Regeneron Pharmaceuticals and Intellia Therapeutics have expanded their existing research collaboration to develop additional CRISPR-based gene editing therapies for neurological and muscular diseases.
The partnership will combine Regeneron’s proprietary antibody-targeted adeno-associated virus vectors and delivery technology with Intellia’s proprietary Nme2 CRISPR/Cas9 systems that are adapted for viral vector delivery and designed to precisely modify a target gene.
The companies originally announced a licensing and collaboration agreement in 2016 aimed at advancing CRISPR/Cas gene-editing technology for in vivo therapeutic development.
This was later expanded in 2020 to cover the co-development of potential haemophilia A and B treatments using their jointly owned targeted transgene insertion capabilities, with Regeneron also gaining the rights to develop products for additional in vivo targets and new rights for ex vivo product development.
Under the terms of the latest agreement, the companies will initially research two in vivo non-liver targets.
Intellia will lead the design of the editing methodology, while Regeneron will be responsible for the design of the targeted viral vector delivery approach.
Each company will have the opportunity to lead potential development and commercialisation of product candidates for one target, and the partner that is not leading development and commercialisation will have the option to enter into a co-development and co-commercialisation agreement for the target.
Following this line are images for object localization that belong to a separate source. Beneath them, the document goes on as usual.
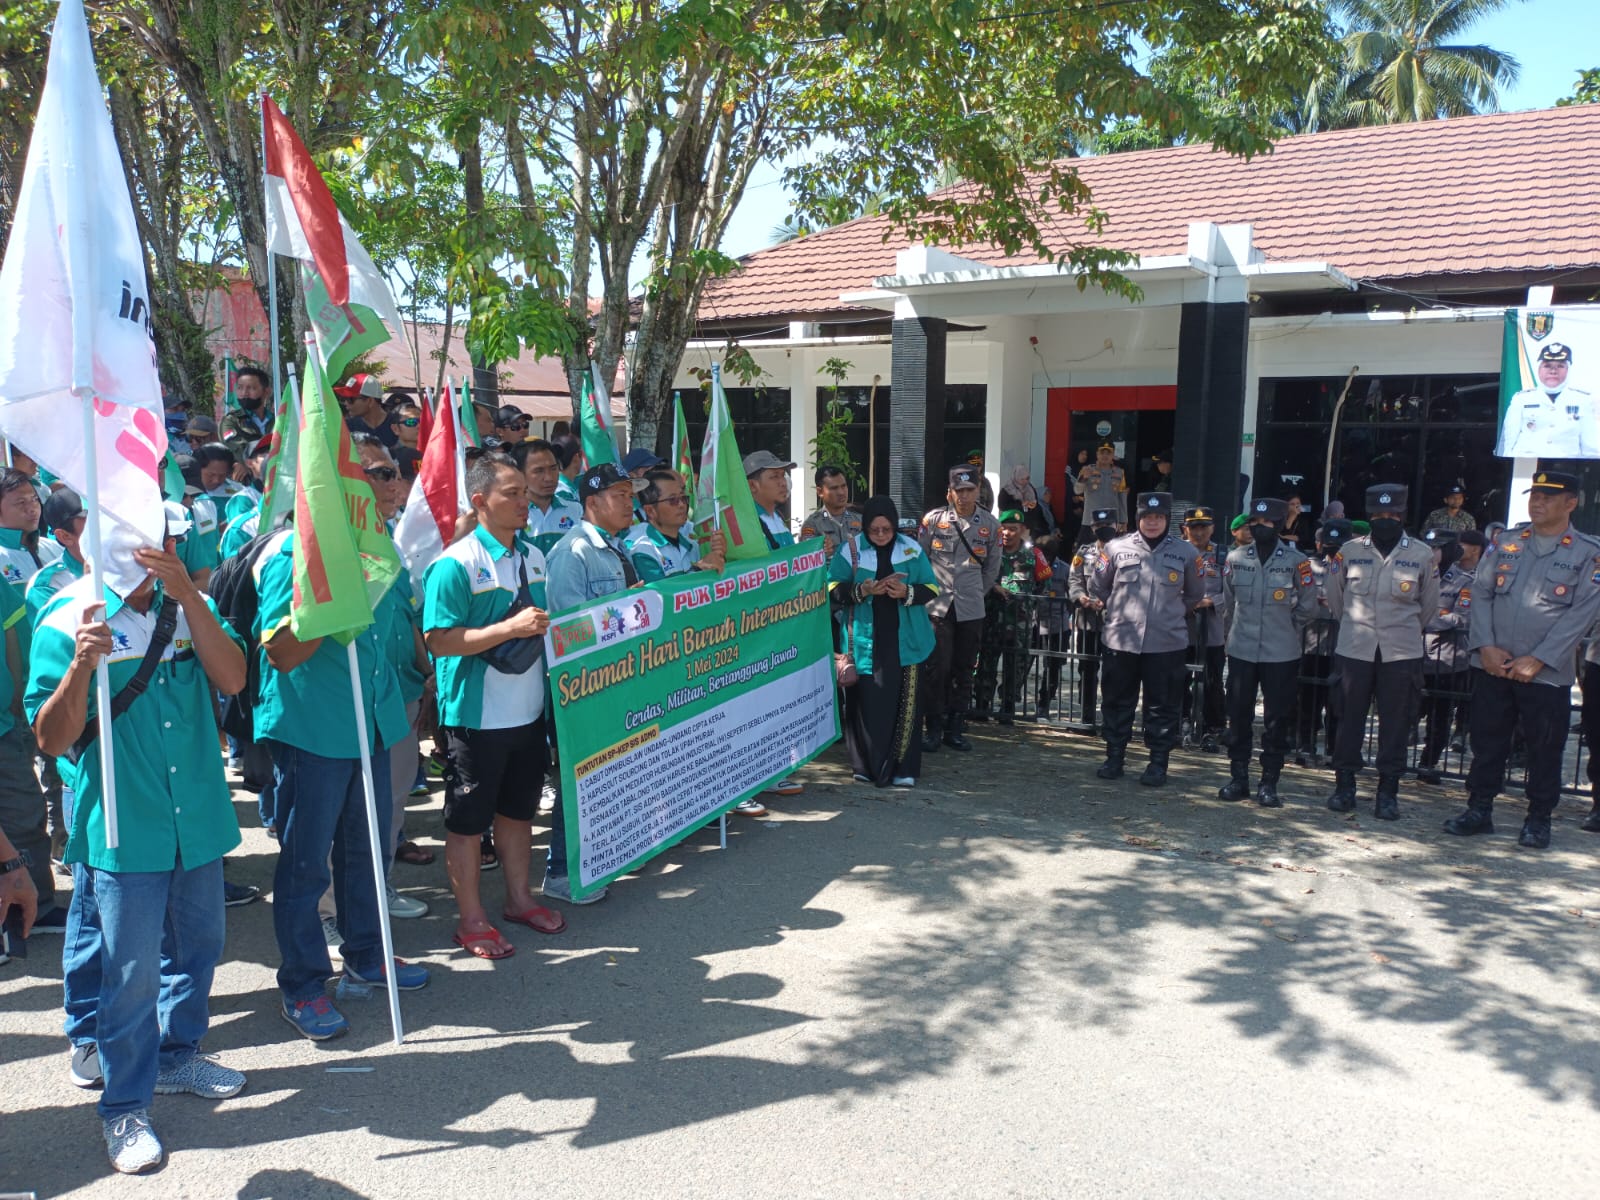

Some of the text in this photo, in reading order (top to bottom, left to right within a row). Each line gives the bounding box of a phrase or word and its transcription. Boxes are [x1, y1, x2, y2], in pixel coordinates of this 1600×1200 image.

[673, 583, 711, 613] PUK
[713, 576, 735, 601] SP
[737, 567, 765, 593] KEP
[767, 559, 788, 583] SIS
[1395, 560, 1420, 569] POLRI
[556, 580, 827, 707] Selamat Hari Buruh Internasional
[685, 643, 739, 680] 1 Mei 2024
[623, 641, 798, 732] Cerdas, Militan, Bertanggung Jawab
[576, 727, 656, 777] TUNTUTAN SP-KEP SIS ADMO
[585, 769, 603, 788] CABUT
[692, 718, 707, 732] CIPTA
[708, 710, 725, 725] KERJA
[618, 759, 647, 783] SOURCING
[648, 753, 660, 766] DAN
[589, 785, 624, 814] KEMBALIKAN
[625, 770, 653, 792] MEDIATOR
[589, 802, 619, 827] DISNAKER
[620, 784, 650, 808] TABALONG
[591, 813, 623, 840] KARYAWAN
[643, 791, 660, 808] ADMO
[590, 846, 613, 865] MINTA
[591, 845, 636, 877] DEPARTEMEN
[592, 829, 621, 852] TERLALU
Aris Baras, senior vice president and co-head of Regeneron Genetic Medicines, said: “To date, the widespread use of genetic medicines has generally been limited by the inability to deliver a genetic payload to cells of interest in the body beyond the liver.
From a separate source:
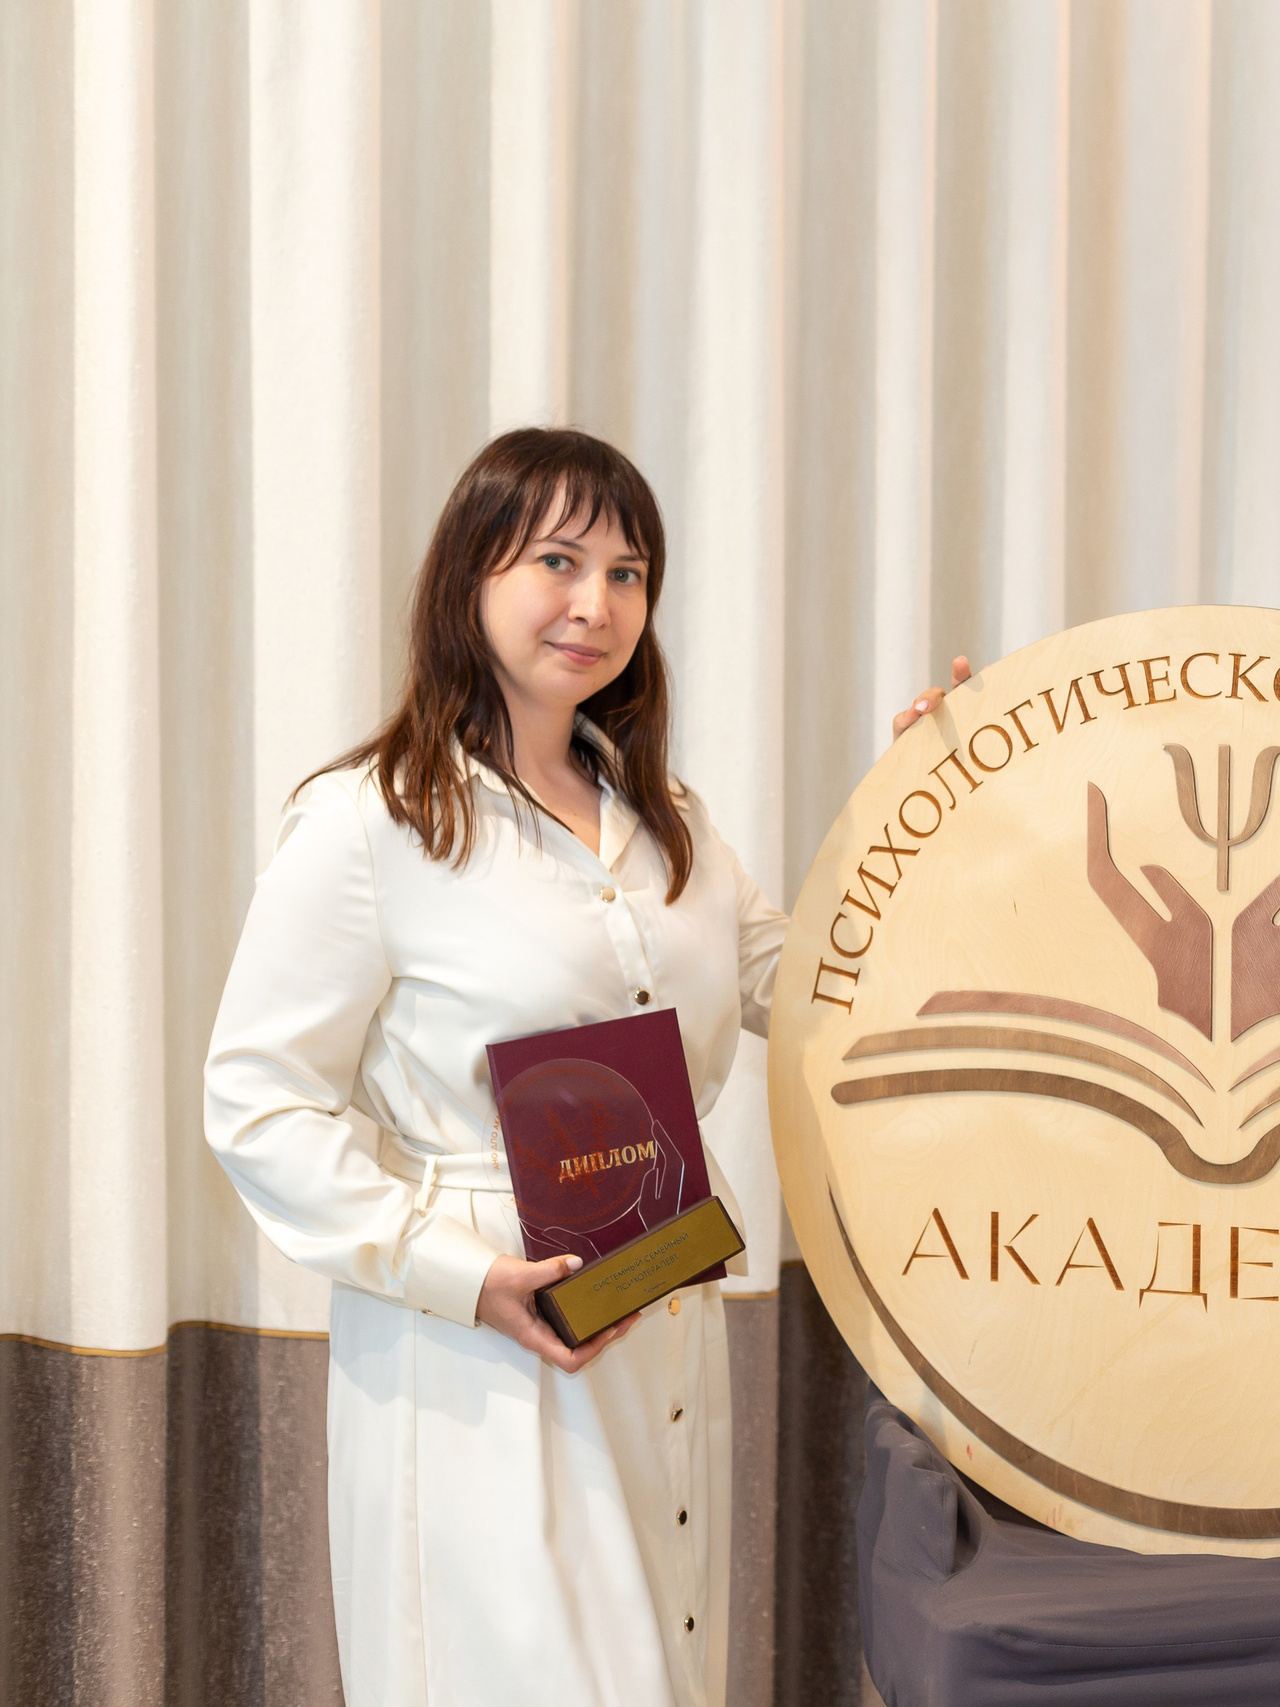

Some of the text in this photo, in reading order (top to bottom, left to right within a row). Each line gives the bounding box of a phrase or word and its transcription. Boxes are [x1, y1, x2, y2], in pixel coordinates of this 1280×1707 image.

[558, 1140, 656, 1184] ДИПЛОМ
[593, 1232, 689, 1292] СИСТЕМНЫЙ СЕМЕЙНЫЙ
[616, 1254, 678, 1293] ПСИХОТЕРАПЕВТ
“This expansion of our longstanding and productive collaboration with Intellia is taking advantage of new technology and innovations to unlock these opportunities.”
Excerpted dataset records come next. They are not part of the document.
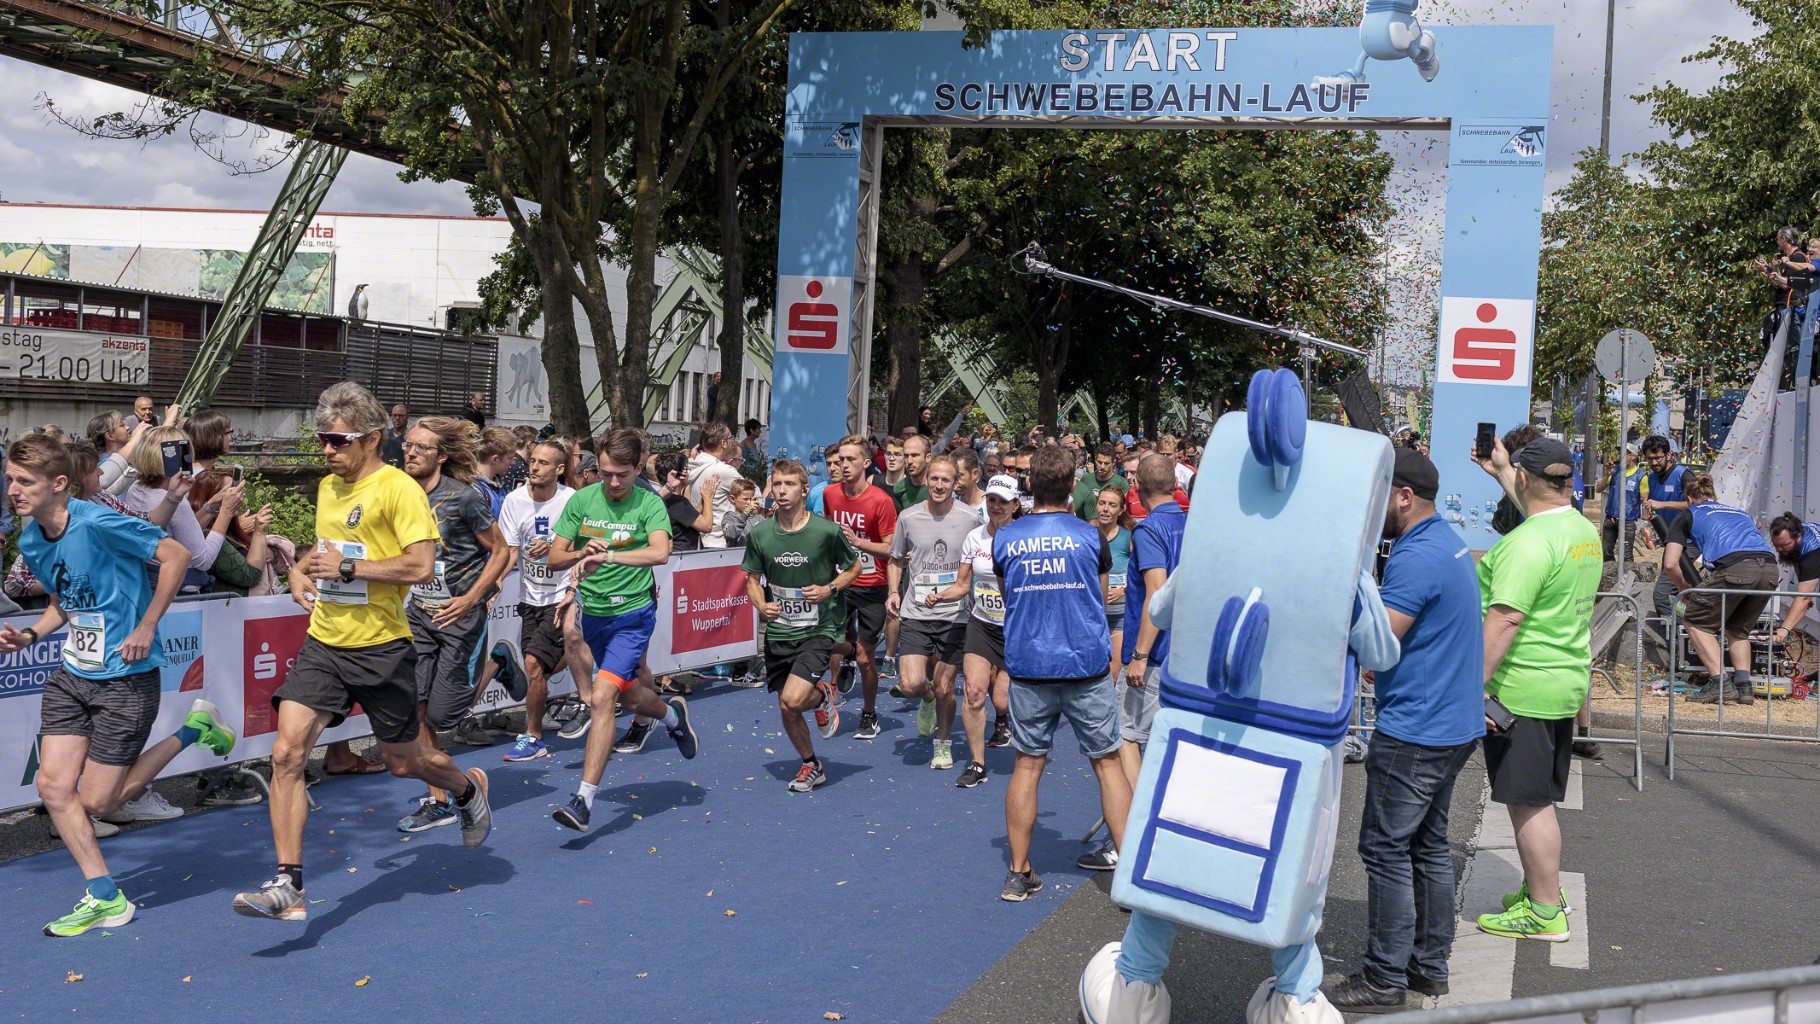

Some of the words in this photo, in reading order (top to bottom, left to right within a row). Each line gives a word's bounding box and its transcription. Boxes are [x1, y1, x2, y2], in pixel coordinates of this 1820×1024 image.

[1059, 32, 1238, 72] START
[933, 82, 1371, 113] SCHWEBEBAHN-LAUF
[101, 336, 147, 352] akzenta
[20, 353, 90, 381] 21.00
[101, 359, 145, 384] Uhr
[582, 517, 638, 531] LaufCampus
[833, 510, 866, 529] LIVE
[1007, 536, 1080, 558] KAMERA-
[1021, 557, 1066, 576] TEAM
[1012, 581, 1086, 593] www.schwebebahn-lauf.de
[692, 594, 748, 612] Stadtsparkasse
[692, 612, 731, 632] Wuppertal
[75, 631, 97, 652] 82
[163, 636, 199, 653] ANER
[477, 689, 508, 704] KERN
Intellia’s president and chief executive officer, John Leonard, added: “We are excited to expand our successful collaboration with Regeneron to now accelerate the development of CRISPR-based therapies outside of the liver for the treatment of neurological and muscular diseases with significant unmet need.”
The agreement comes just days after Regeneron announced that its investigational bispecific antibody odronextamab had been accepted for priority review by the US Food and Drug Administration as a treatment option for certain non-Hodgkin lymphoma patients.
Odronextamab is specifically under review as a treatment for adults with relapsed/refractory follicular lymphoma or R/R diffuse large B-cell lymphoma who have progressed after at least two prior systemic therapies.